From the outset of the war in 1939, resources had quickly depleted, and people were encouraged to participate in several different means of making the most of the clothing they already had. Where voluntary groups were already providing skills and techniques in making the most of garments, the Board of Trade published the Extension of the Life of Clothing – A Preliminary Investigation on 2 July 1941, a paper which considered how to reduce civilian consumption through prolonging the use of garments.

Launched collaboratively by the Board of Trade in conjunction with voluntary groups (including the Women's Group on Public Welfare and the Women's Institute (WI), alongside the National Council of Social Services, in 1942, the Make-Do and Mend scheme set out to promote education in the techniques of dressmaking and tailoring, clothes mending, needlework, and knitting, and garment care.

With the rise in the cost-of-living index and the implementation of clothes rationing in 1941, savings could be made by creating garments through home sewing, knitting, and crochet, or through mending or altering old clothes, increasing appeal of using or learning new techniques.

Make-Do and Mend cemented frugality through thrift as an important contribution to the war effort, something which many individuals and families were already well practiced in, especially four years into the war.

== Campaign ==
In 1943, the Ministry of Information showcased a newsreel which encouraged the civilian public to repair and alter clothing, and re-use fabrics in order to save valuable resources for the war effort. Following the premiere of the short film, which depicted potential projects for the established home sewer, options for those willing to learn new dressmaking skills, and those short on coupons, Make-Do and Mend was promoted further through several government-created promotional posters, and pamphlets.
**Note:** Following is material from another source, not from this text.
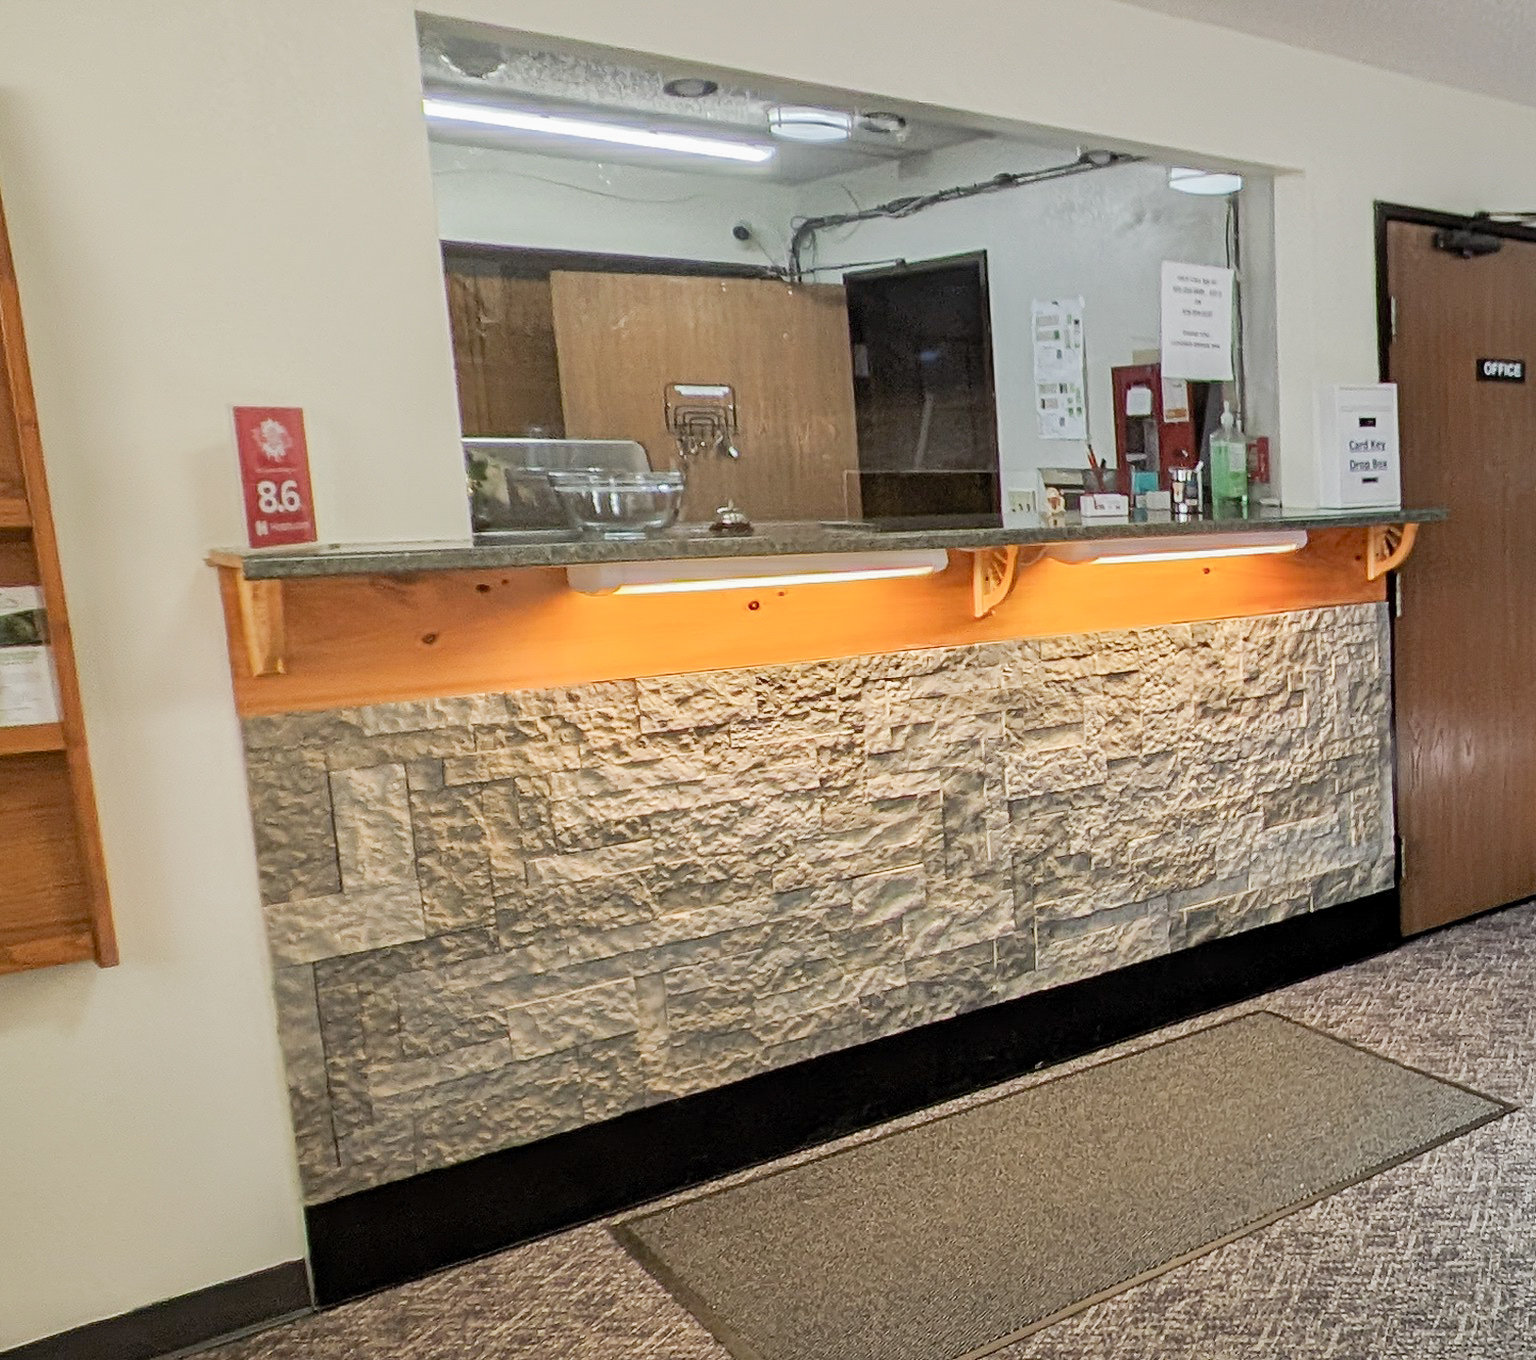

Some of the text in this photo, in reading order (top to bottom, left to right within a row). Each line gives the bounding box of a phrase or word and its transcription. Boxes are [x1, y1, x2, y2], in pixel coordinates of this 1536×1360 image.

The Board of Trade produced the first Make-Do and Mend informational booklet in 1943, which contained further information regarding the scheme, and was circulated amongst the population. Such instructional pamphlets contained advice including different ways to mend, darn, and patch garments, how to protect clothing from moths, and methods of laundering, as well as instruction on re-modelling men's clothes into womenswear pieces. Advisory booklets, along with other promotional materials including films and posters which were used to inform the public of the benefits and methods of mending and making-do, often depicted Mrs Sew And Sew, a character who became very well-known as part of the campaign.

Alongside governmental initiatives, the popular press not only advertised the campaign, but produced several practical guides on caring for and mending clothes as well as dressmaking techniques, alongside articles covering the Make-Do and Mend scheme. Evening classes teaching different skills were held by the Women's Institute and the Women's Voluntary Service (WVS), which also served as a collective space to share solidarity with others. The WVS established clothing exchanges where children’s garments could be swapped once outgrown, a further way to access scarce clothing during wartime.